Tools and Resources for Providers

Medfinder for Providers

Medfinder offers a provider-facing tool that helps clinicians and care teams locate pharmacies with medications in stock. You can recommend this resource directly to patients or have your staff use it to identify pharmacies likely to have Chlordiazepoxide available before sending an electronic prescription.

Patient Education Resources

Direct your patients to these articles to help them navigate the supply situation:

Electronic Prescribing Tips

  • When e-prescribing Chlordiazepoxide, include the specific strength and quantity clearly.
  • Consider sending prescriptions to independent pharmacies when chain pharmacies report stock issues.
  • If your EHR allows it, note on the prescription "okay to substitute equivalent benzodiazepine per prescriber" to give the pharmacist flexibility — though this varies by state regulation for controlled substances.

Looking Ahead

The forces driving Chlordiazepoxide supply inconsistency — DEA quotas, manufacturer consolidation, and pharmacy ordering policies — are unlikely to resolve quickly. Providers should:

  1. Have a documented protocol for benzodiazepine substitution in alcohol withdrawal.
  2. Educate patients proactively about using tools like Medfinder to locate their medication.
  3. Consider whether patients on long-term Chlordiazepoxide for anxiety could benefit from transitioning to non-benzodiazepine alternatives.
  4. Maintain open communication with pharmacies about availability patterns.

Final Thoughts

Chlordiazepoxide remains a clinically valuable medication, particularly in addiction medicine. While the supply situation is manageable with the right approach, it requires proactive planning from prescribers and care teams. Equip your practice with substitution protocols, direct patients to Medfinder, and use these supply disruptions as an opportunity to optimize treatment plans.
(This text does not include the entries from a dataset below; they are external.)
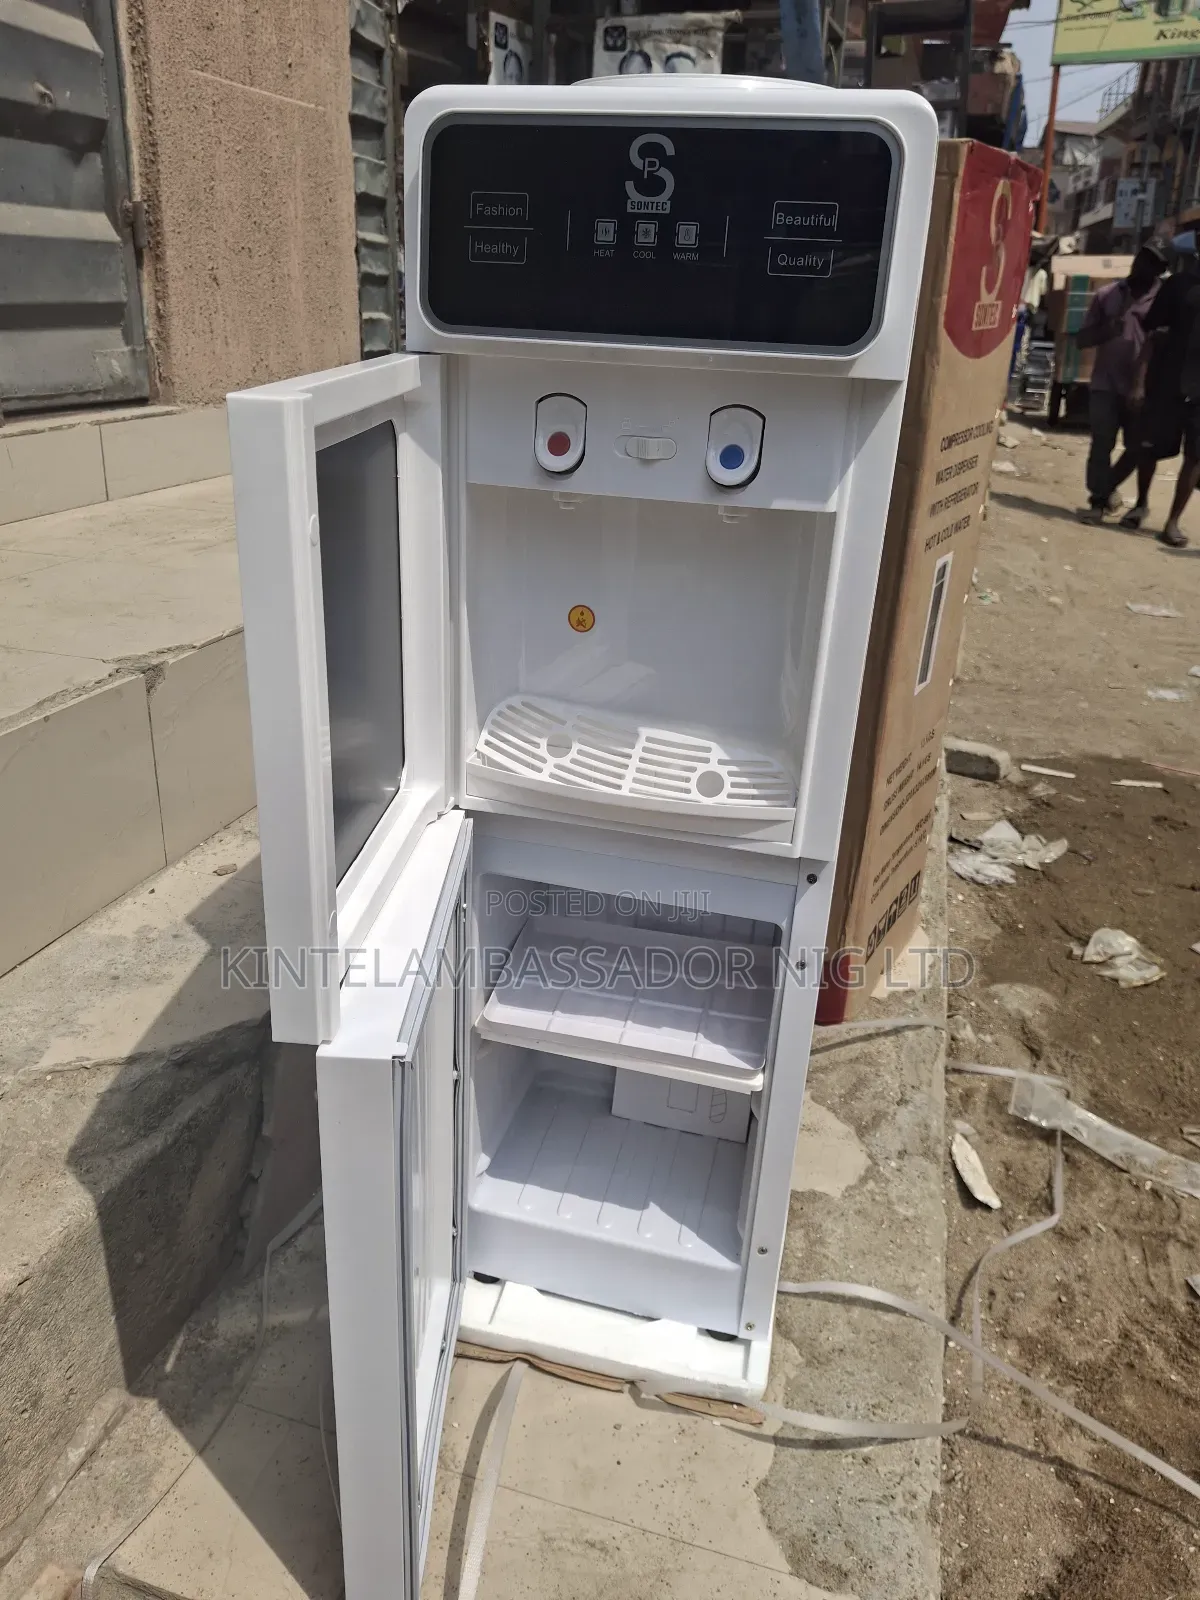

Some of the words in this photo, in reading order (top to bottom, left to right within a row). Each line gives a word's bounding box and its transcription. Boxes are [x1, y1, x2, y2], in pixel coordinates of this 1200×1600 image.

[476, 203, 523, 217] Fashion
[630, 200, 668, 212] SONTEC
[776, 212, 836, 227] Beautiful
[474, 241, 519, 258] Healthy
[593, 248, 615, 258] HEAT
[632, 250, 656, 260] COOL
[672, 252, 699, 261] WARM
[777, 253, 824, 270] Quality
[940, 427, 974, 453] COMPRESSOR
[924, 533, 938, 553] HOT
For the patient-facing version of this article, see: Chlordiazepoxide shortage update — what patients need to know.

Is Chlordiazepoxide on the FDA's official drug shortage list?
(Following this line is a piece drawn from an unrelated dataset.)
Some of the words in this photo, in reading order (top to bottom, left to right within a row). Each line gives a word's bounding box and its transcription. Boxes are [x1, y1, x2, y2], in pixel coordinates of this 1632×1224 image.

No, as of early 2026, Chlordiazepoxide is not listed on the FDA drug shortage database. However, pharmacy-level availability is inconsistent due to DEA production quotas, reduced manufacturer base, and chain pharmacy ordering limitations. The 25 mg capsule strength used in alcohol withdrawal protocols is most commonly affected.

What is the equivalent dose of Diazepam for Chlordiazepoxide in alcohol withdrawal?
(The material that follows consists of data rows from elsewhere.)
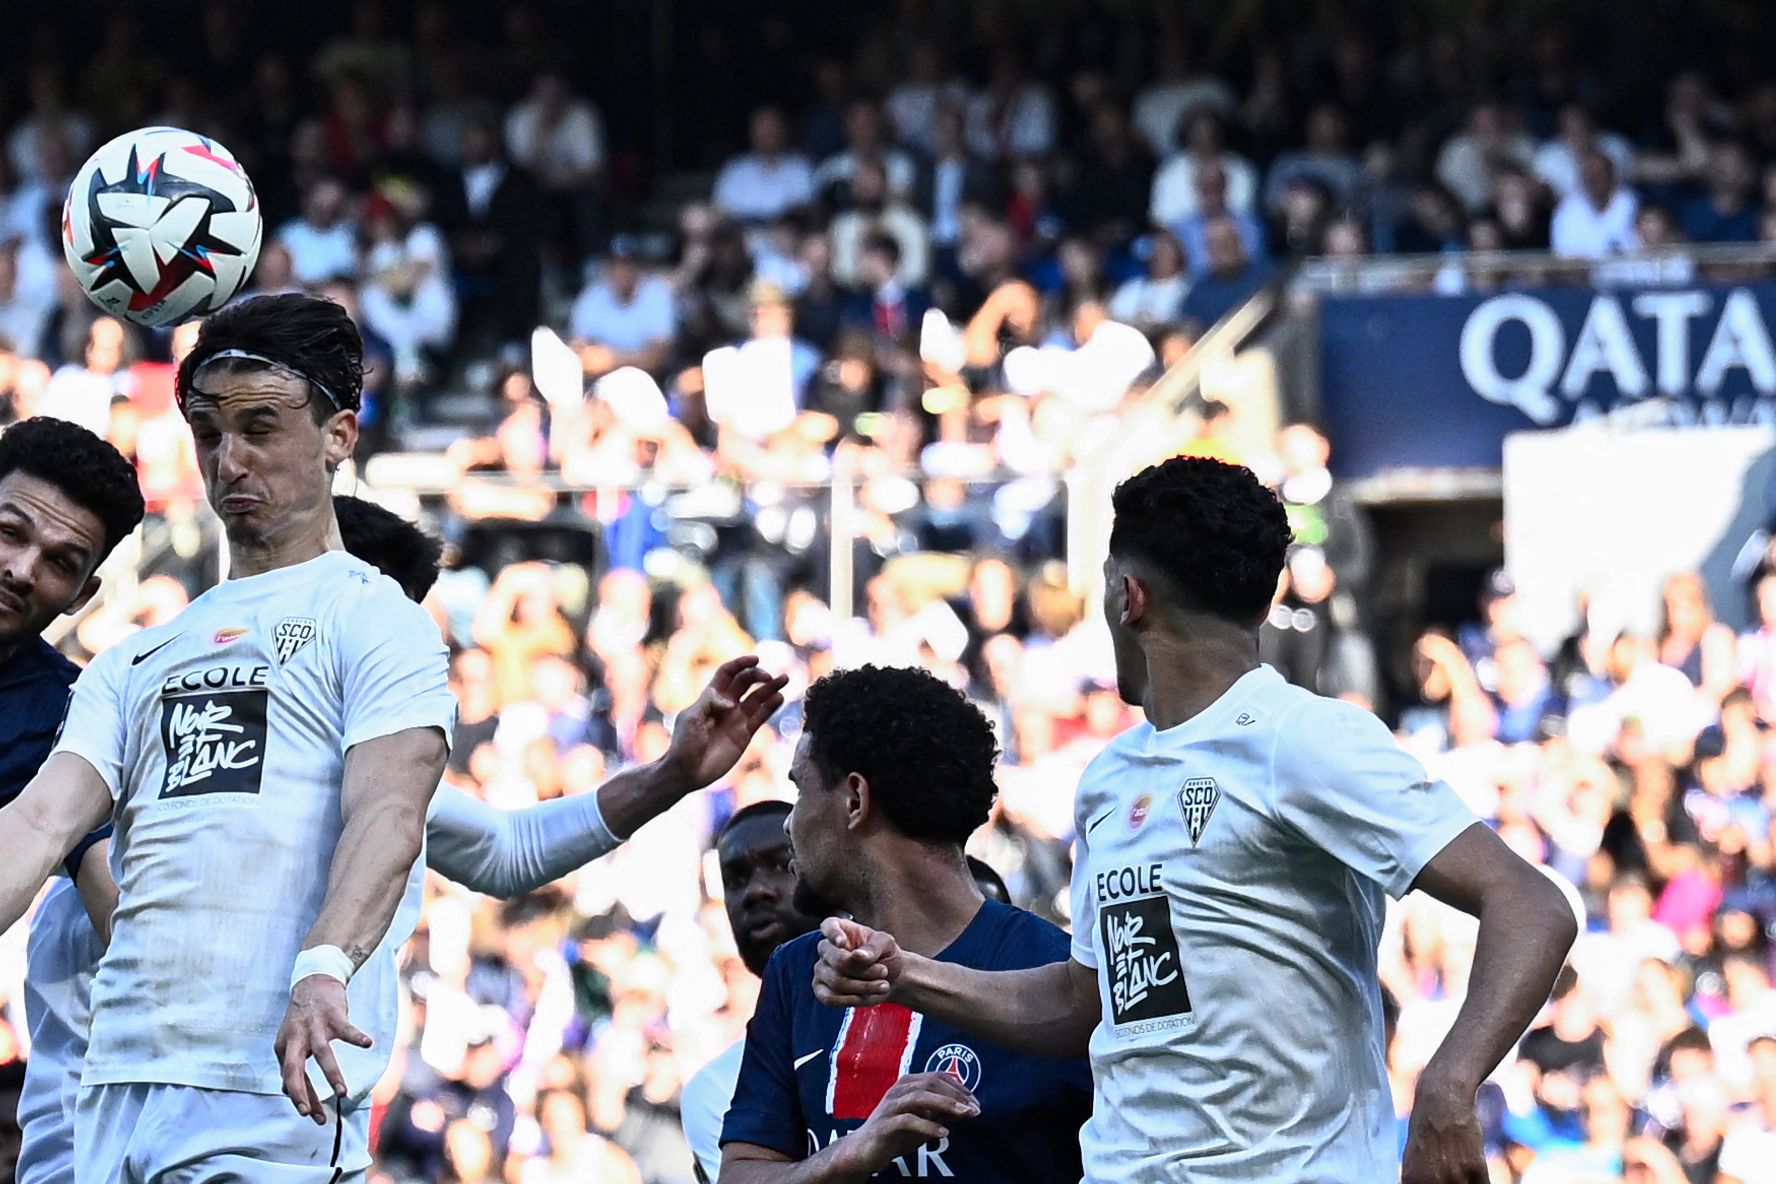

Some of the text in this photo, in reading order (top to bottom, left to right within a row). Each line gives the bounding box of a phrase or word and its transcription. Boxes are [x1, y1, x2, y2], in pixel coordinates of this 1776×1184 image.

[279, 624, 311, 639] SCO
[162, 667, 269, 694] ECOLE
[165, 740, 259, 792] BLANC
[1185, 787, 1213, 806] SCO
[1097, 864, 1162, 901] ECOLE
[1113, 952, 1178, 1016] BLANC
[937, 1047, 974, 1063] PARIS
The approximate equivalence is Chlordiazepoxide 25 mg ≈ Diazepam 5 mg. Both are long-acting benzodiazepines recommended by ASAM for front-loading therapy. Use symptom-triggered dosing with the CIWA-Ar scale regardless of which agent is selected. Always consider patient-specific factors including liver function and other medications.

Can I prescribe Chlordiazepoxide via telehealth?

Telehealth prescribing of controlled substances including Chlordiazepoxide is governed by DEA regulations and state law, which have evolved since the COVID-19 public health emergency. As of 2026, most states allow initial prescribing of Schedule IV medications via telehealth with a proper evaluation, but rules vary. Check your state medical board and DEA registration for current requirements.

Should I transition my anxiety patients off Chlordiazepoxide to non-benzodiazepine alternatives?

Supply disruptions offer a natural opportunity to reassess treatment plans. For patients with generalized anxiety disorder, guidelines recommend SSRIs, SNRIs, or Buspirone as first-line agents. A gradual taper from Chlordiazepoxide to a non-benzodiazepine is appropriate for many patients. However, for alcohol withdrawal management, benzodiazepines remain the standard of care and should not be replaced with non-benzodiazepine alternatives.